Self-efficacy rather than dependency should be promoted in an environment where
patients can be confident that support from familiar and trusted clinicians is accessible
when needed. Conversely, systems that encourage a customer/provider model of
health care must be discouraged, as these reward activity and short-term metrics of
success rather than good, long-term care. This holds true both for industrial and
consumerist approaches to health care. Humane health care also requires
subsidiarity; organising healthcare systems at the level of the smallest unit practicable
— the practice, hospital department, or hospital, instead of monolithic systems that
do not account for local variation in need or recognise the shared and diverse values of
our fellow citizens.
This includes enhancing accountable professionalism. Professionals
need to feel trusted but also responsible for the standard of care they and their
colleagues offer, rather than be treated as cogs in a machine.
This requires an end to toxicmanagerialism. We recognise that the NHS
needs good managers; in both primary and secondary care, they are essential members
of the team.

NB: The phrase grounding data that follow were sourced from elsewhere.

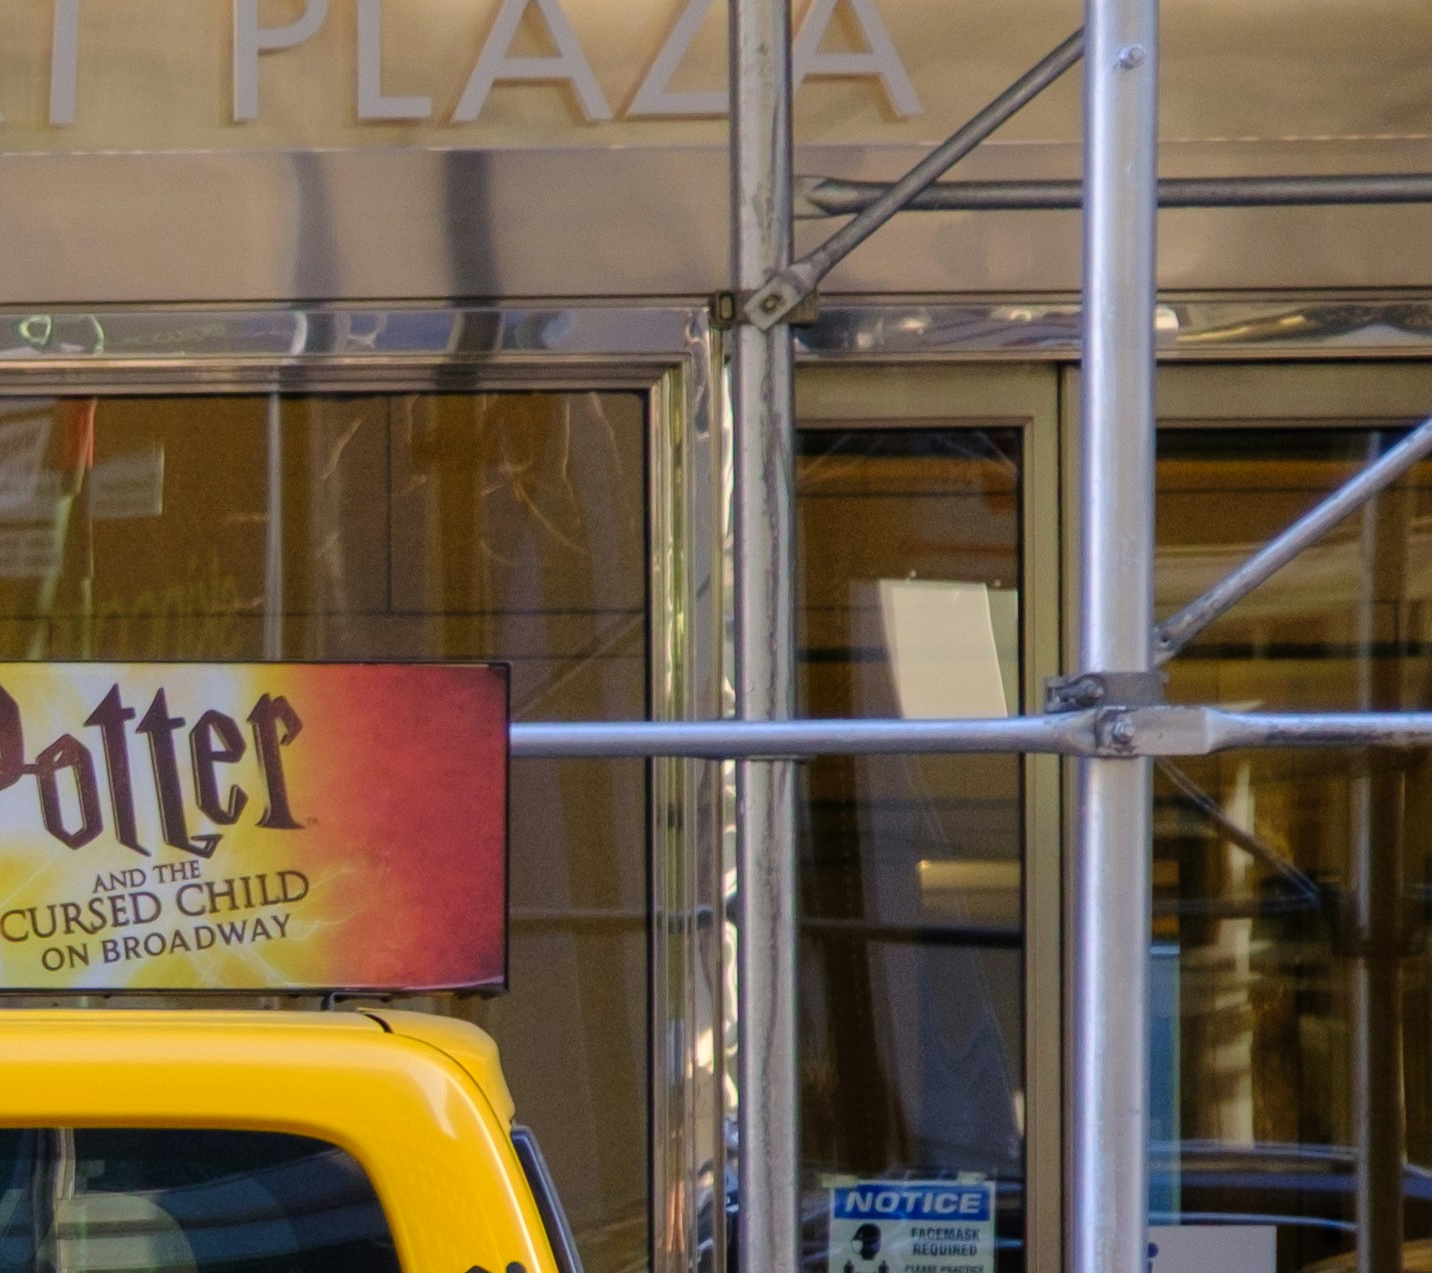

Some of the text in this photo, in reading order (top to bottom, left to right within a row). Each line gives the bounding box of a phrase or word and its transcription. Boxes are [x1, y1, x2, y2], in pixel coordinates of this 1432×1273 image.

[92, 860, 201, 894] AND THE
[0, 870, 310, 942] CURSED CHILD
[41, 914, 291, 971] ON BROADWAY
[845, 1191, 982, 1214] NOTICE
[911, 1227, 980, 1241] FACEMASK
[912, 1243, 978, 1257] REQUIRED
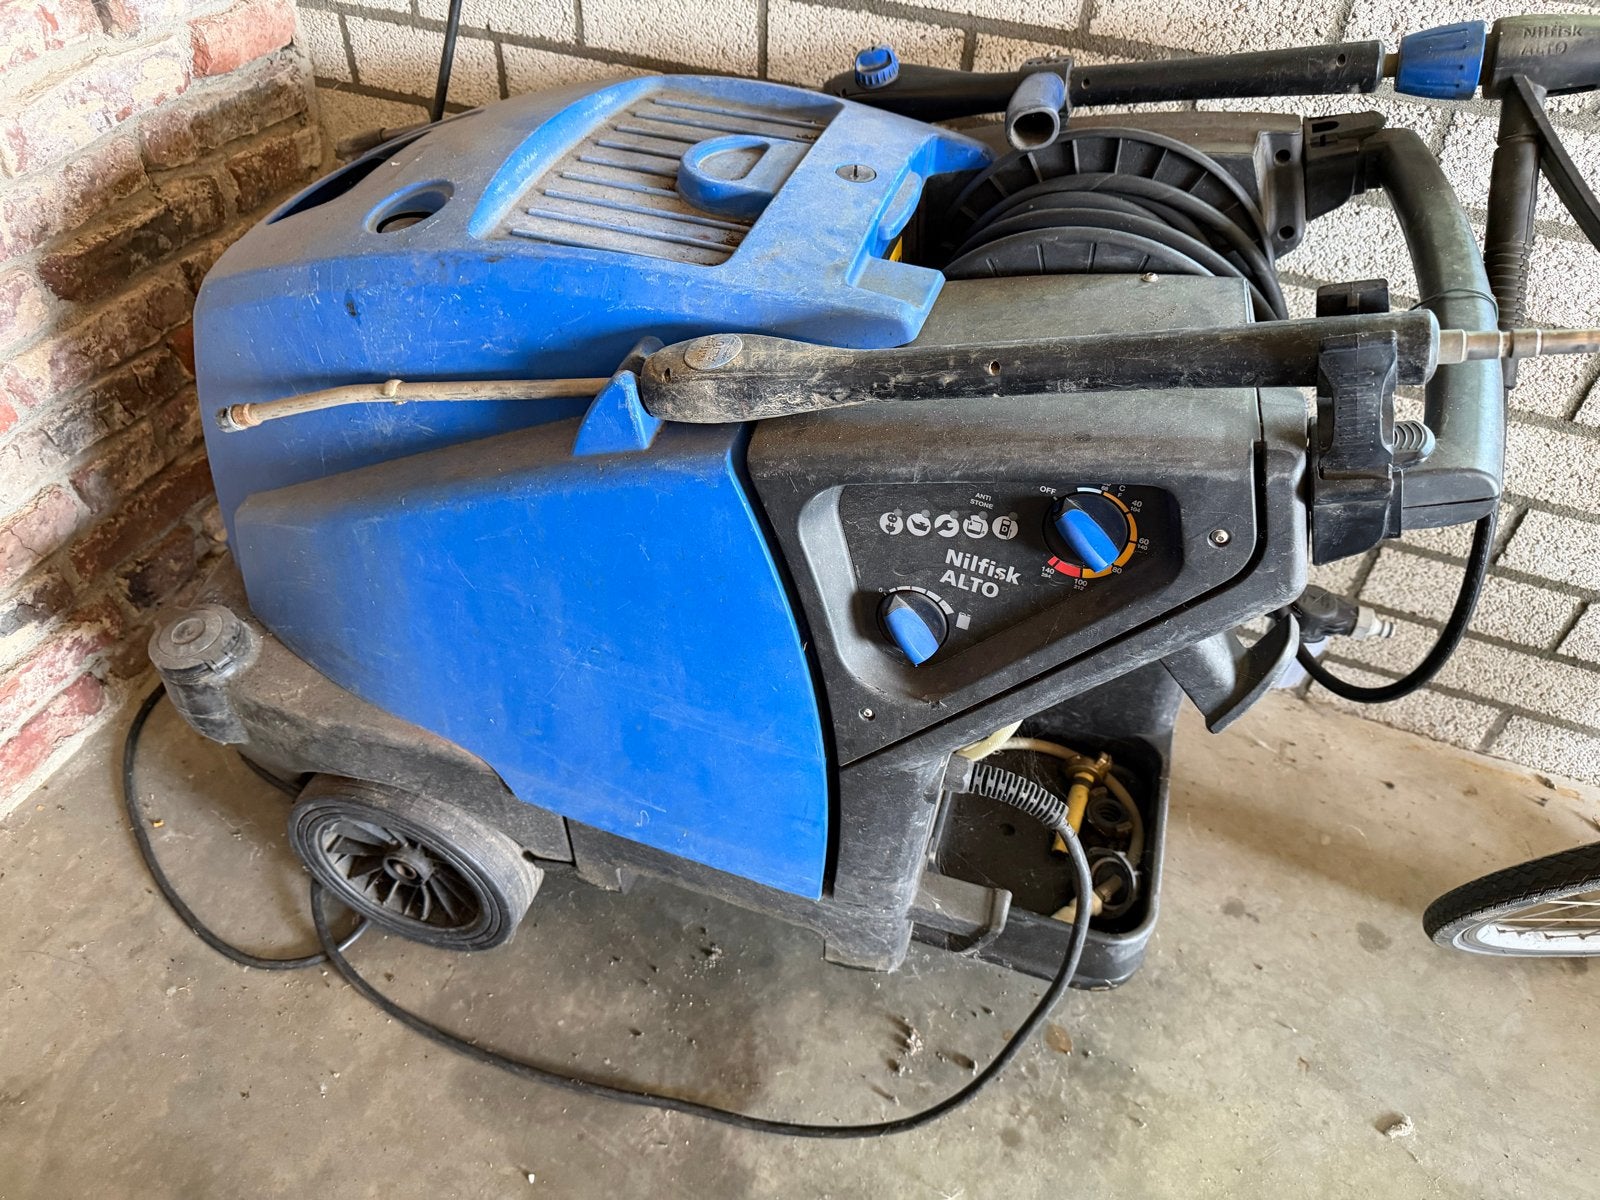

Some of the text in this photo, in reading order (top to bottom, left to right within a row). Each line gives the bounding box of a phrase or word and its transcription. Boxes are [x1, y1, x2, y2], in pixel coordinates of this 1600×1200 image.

[1039, 485, 1057, 495] OFF
[974, 492, 992, 501] ANTI
[969, 498, 994, 510] STONE
[1131, 499, 1143, 508] 40
[1138, 537, 1150, 547] 60
[945, 548, 1021, 585] Nilfisk
[1041, 566, 1055, 575] 140
[1111, 566, 1123, 575] 80
[939, 569, 999, 598] ALTO
[1074, 578, 1088, 587] 100
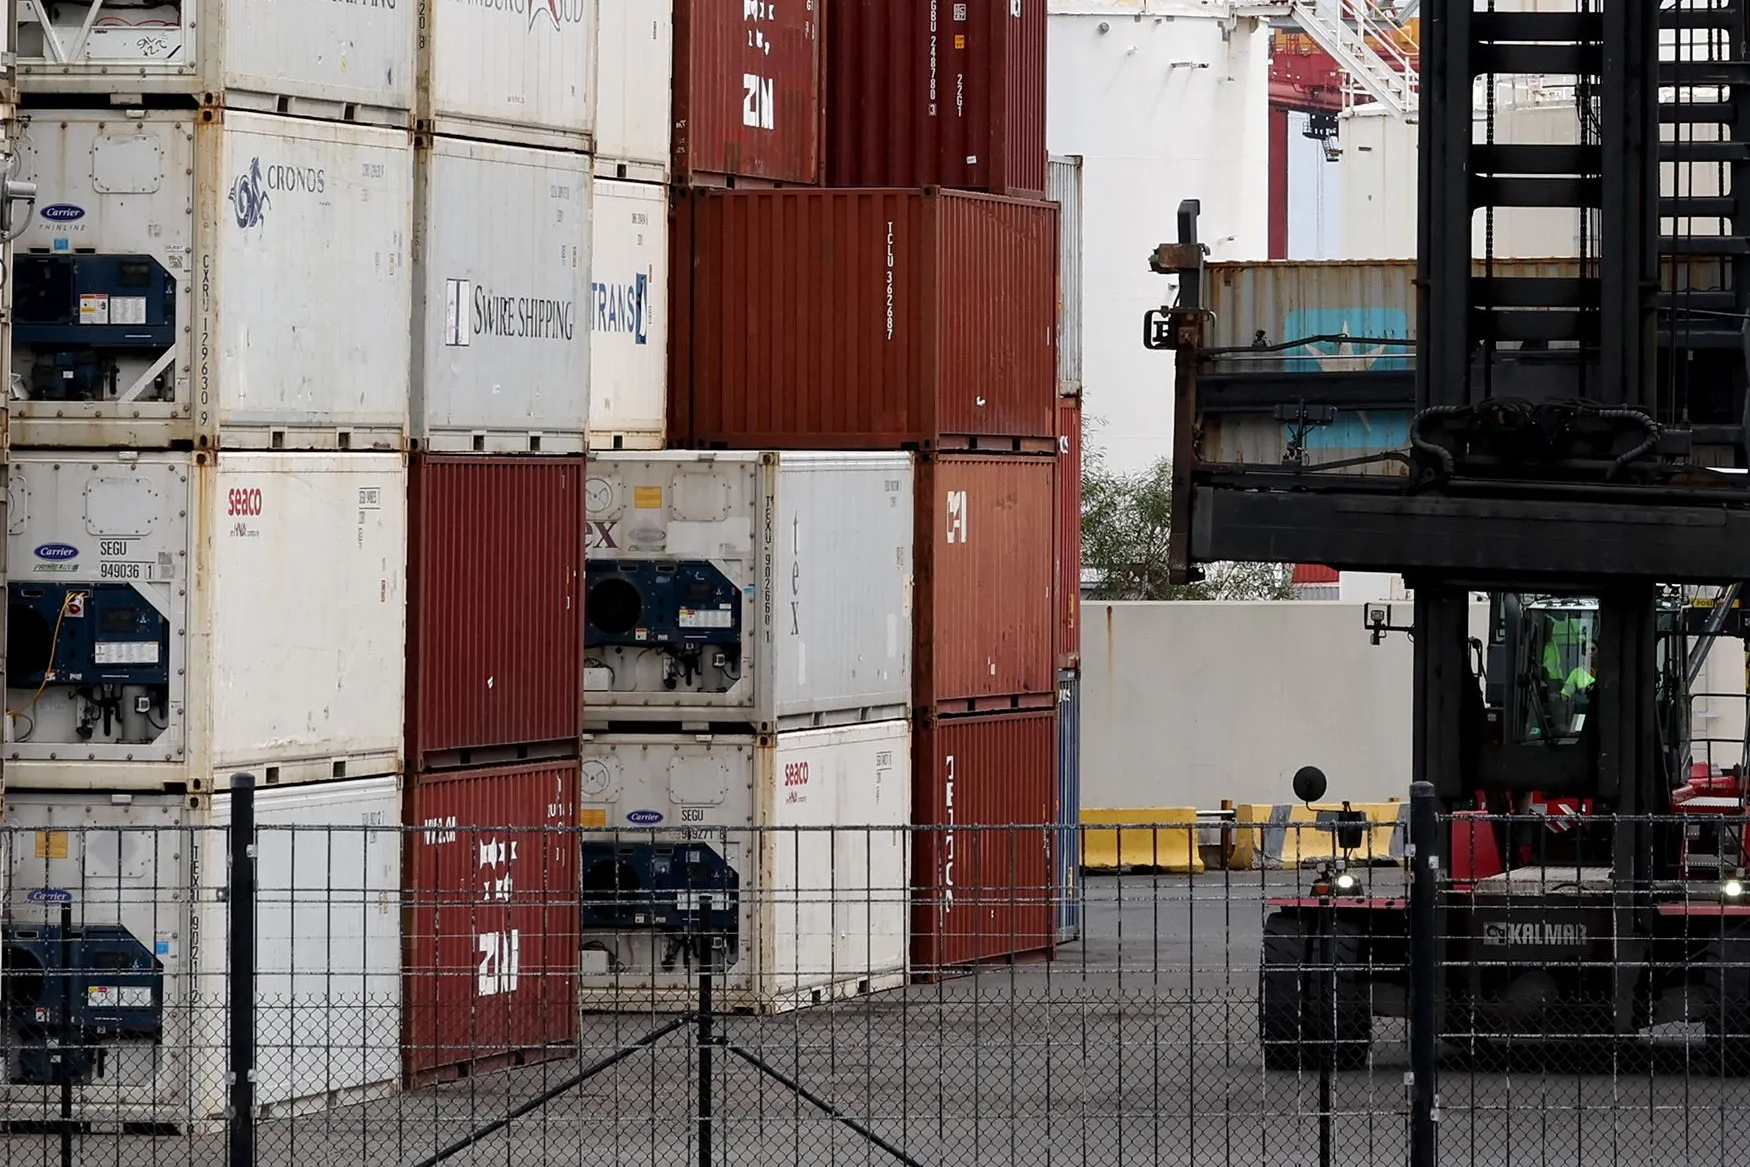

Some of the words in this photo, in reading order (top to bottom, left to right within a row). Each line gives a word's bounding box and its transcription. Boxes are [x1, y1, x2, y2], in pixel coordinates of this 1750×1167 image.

But their focus should be on building morale and commitment, and
on the practicalities of cost-effectiveness, rather than implementing systems of
targets and protocols without regard for the people who deliver the service and the
experiences of service users.
While implementing these values requires changing attitudes, and in some cases,
particularly at senior levels, perhaps changes in personnel, structural re-organisation
should be discouraged since it is an expensive distraction and often further
damages morale. Measures to improve professional morale
and promote continuity of relationships are not just a matter of making professionals or
even patients feel better (although that is no bad thing), it has financial benefits. Good
morale helps retention and recruitment, and continuity of care improves efficiency (for
example, by avoiding unnecessary tests and referrals) and outcomes, including mortality.
When the Labour Government took over in the 1960s, their ‘Family Doctor
Charter’ reforms laid the foundations for the transformation of general practice
from a cottage industry into a system of primary care that for more than 20 years
was admired as the best in the world. We hope and trust that this government will do
something similar to revive general practice and primary health care more widely.